Beyond quantification, pruning and scarcity, there is also weight distribution. There are many redundant weights in the network, although only a small number of weights are useful. The number of weights can be reduced by allowing multiple connections to share the same weight, as shown below. The original 4*4 weight matrix is ​​reduced to 4 shared weights and a 2-bit matrix, the total bits are reduced from 512 bits to 160 bits.

2. Memory optimization.

Memory is a critical component that consumes more power compared to matrix multiplications. For example, the power consumption of a DRAM operation can be much higher than that of a multiply operation. On mobile devices, accommodating large models within local device memory is often a challenge. This results in numerous memory transactions between local device memory and DRAM, resulting in higher latency and higher power consumption.
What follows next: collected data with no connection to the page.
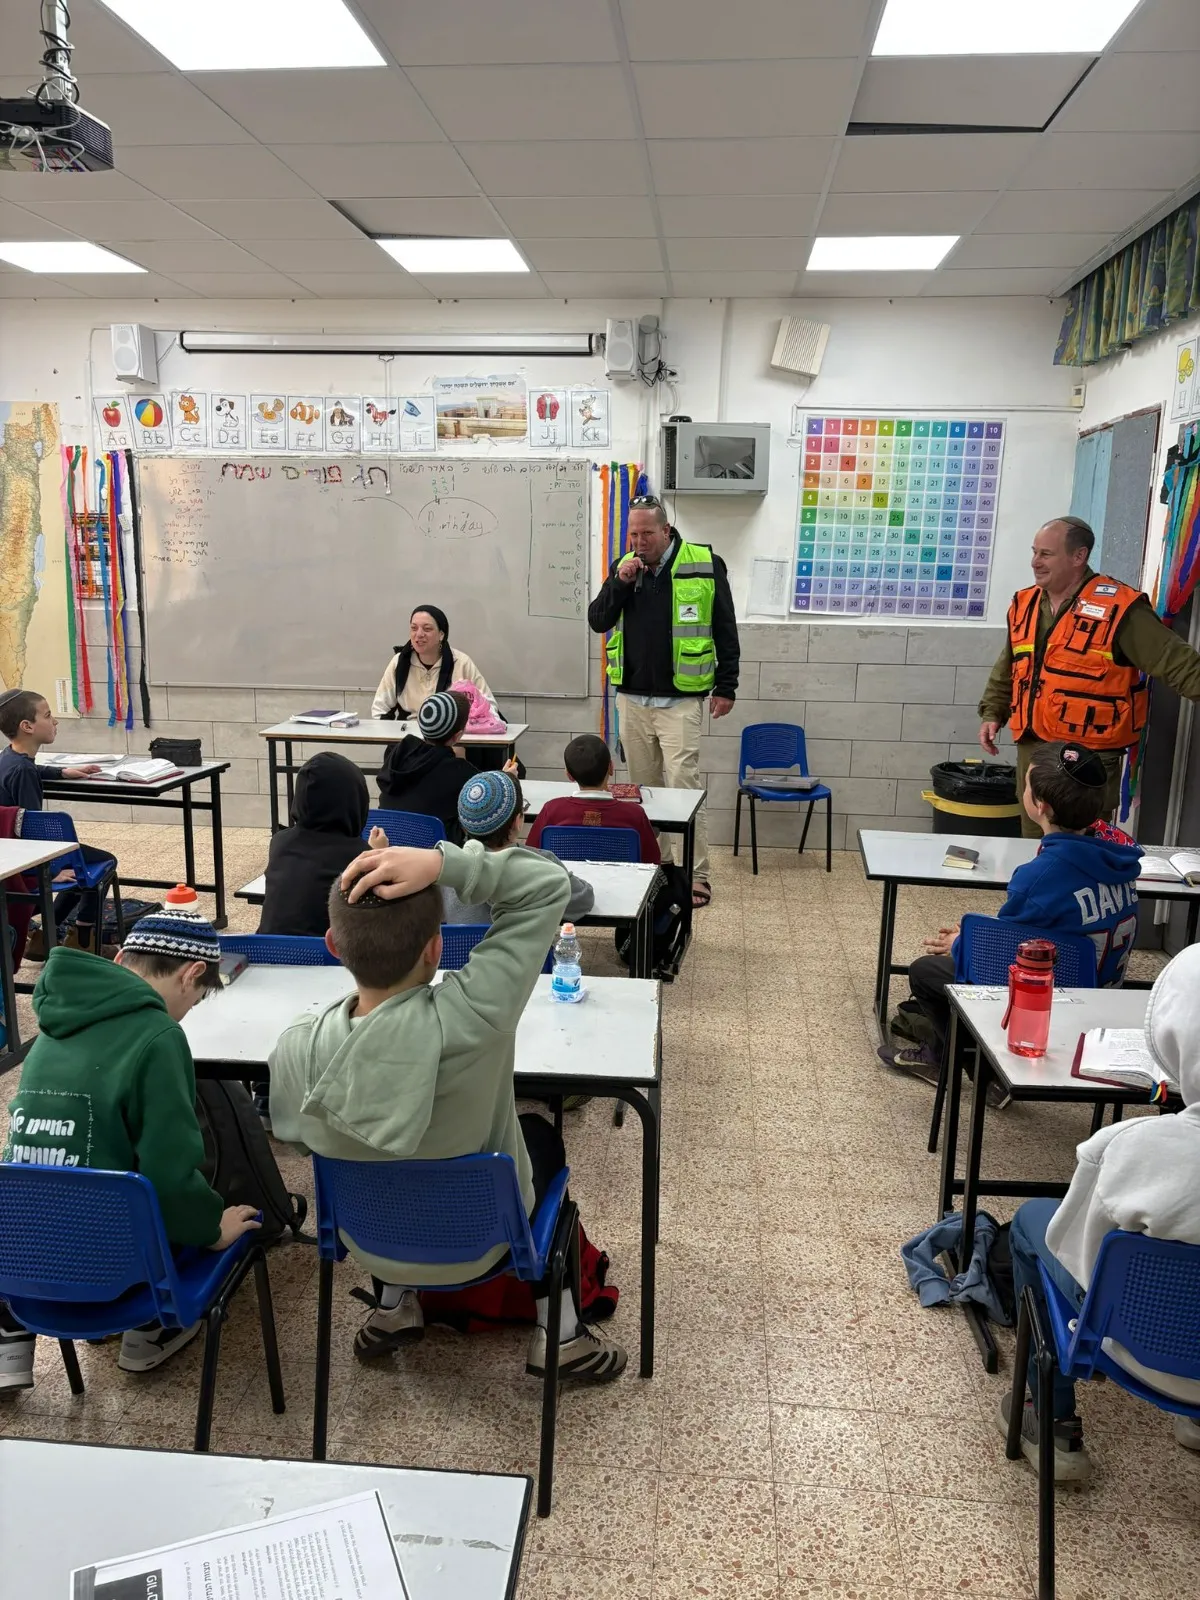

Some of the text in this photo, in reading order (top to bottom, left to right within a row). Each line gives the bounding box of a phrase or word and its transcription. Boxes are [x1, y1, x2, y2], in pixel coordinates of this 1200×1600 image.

[180, 427, 201, 443] Cc
[217, 429, 240, 444] Dd
[259, 430, 280, 444] Ee
[540, 426, 557, 445] Jj
[581, 426, 600, 442] Kk
[989, 426, 998, 434] 10
[107, 431, 127, 445] Aa
[142, 430, 164, 445] Bb
[296, 432, 316, 447] Ff
[331, 431, 353, 448] Gg
[370, 431, 392, 446] Hh
[987, 444, 996, 452] 10
[220, 462, 272, 482] שמח
[896, 460, 905, 468] 10
[914, 460, 923, 468] 12
[950, 461, 959, 469] 16
[967, 462, 976, 470] 18
[985, 462, 994, 470] 20
[877, 477, 886, 485] 12
[894, 478, 903, 486] 15
[947, 479, 956, 487] 24
[965, 480, 974, 488] 27
[876, 495, 885, 503] 16
[910, 496, 919, 504] 24
[946, 497, 955, 505] 32
[964, 498, 973, 506] 36
[981, 498, 990, 506] 40
[839, 512, 848, 520] 10
[874, 513, 883, 521] 20
[909, 514, 918, 522] 30
[944, 515, 953, 523] 40
[961, 516, 970, 524] 45
[979, 516, 988, 524] 50
[855, 530, 864, 538] 18
[890, 531, 899, 539] 30
[925, 532, 934, 540] 42
[943, 533, 952, 541] 48
[960, 533, 969, 541] 54
[978, 534, 987, 542] 60
[836, 547, 845, 555] 14
[871, 548, 880, 556] 28
[905, 549, 914, 557] 42
[923, 550, 932, 558] 49
[941, 550, 950, 558] 56
[958, 551, 967, 559] 63
[852, 565, 861, 573] 24
[886, 566, 895, 574] 40
[922, 567, 931, 575] 56
[939, 568, 948, 576] 64
[975, 569, 984, 577] 80
[833, 582, 842, 590] 18
[850, 582, 859, 590] 27
[868, 583, 877, 591] 36
[902, 584, 911, 592] 54
[919, 585, 928, 593] 63
[937, 585, 946, 593] 72
[954, 586, 963, 594] 81
[972, 586, 981, 594] 90
[797, 598, 807, 606] 10
[832, 599, 841, 607] 20
[866, 600, 875, 608] 40
[901, 601, 910, 609] 60
[919, 602, 928, 610] 70
[953, 603, 962, 611] 90
[970, 604, 982, 612] 100
[25, 1118, 75, 1136] החיים
Optimizing off-chip memory access is crucial to improving power efficiency. Article (Optimizing off-chip memory access for a deep neural network accelerator (4)) introduced an adaptive scheduling algorithm designed to minimize DRAM access. This approach demonstrated a substantial reduction in power consumption and latency, ranging from 34% to 93%.

A new method (novels (5)) is proposed to minimize memory access to save energy. The core idea is to optimize the correct block size of the CNN layer partition to match the DRAM/SRAM resources and maximize data reuse, and also optimize the tile access scheduling to minimize the amount of DRAM access. . Data-to-DRAM mapping focuses on mapping a tile of data to different columns in the same row to maximize row buffer accesses. For larger data mosaics, the same bank can be used on different chips to achieve chip-level parallelism. Additionally, if the same row is populated on all chips, data is mapped across different banks on the same chip to achieve bank-level parallelism. For SRAM, a similar concept of parallelism can be applied at the bench level. The proposed optimization flow can save energy by 12% for AlexNet, 36% for VGG-16, and 46% for MobileNet. Below is a high-level flowchart of the proposed method and a schematic illustration of DRAM data mapping.

3. Dynamic power scaling.

The power of a system can be calculated by P=C*F*V², where F is the operating frequency and V is the operating voltage. Techniques such as DVFS (Dynamic Voltage Frequency Scaling) were developed to optimize power at runtime. Scales voltage and frequency depending on workload capacity. In deep learning, layered DVFS is not appropriate since voltage scaling has long latency. On the other hand, frequency scaling is fast enough to keep up with each layer. TO layered dynamic frequency scaling (DFS)(6) A technique for NPU is proposed, with a power model to predict power consumption to determine the highest allowed frequency. DFS is proven to improve latency by 33% and save energy by 14%

4. Low-power dedicated ai HW accelerator architecture. To accelerate deep learning inference, specialized ai accelerators have demonstrated superior energy efficiency, achieving similar performance with reduced power consumption. For example, Google's TPU is designed to speed up matrix multiplication by reusing input data multiple times for calculations, unlike CPUs that fetch data for each calculation. This approach conserves energy and decreases data transfer latency.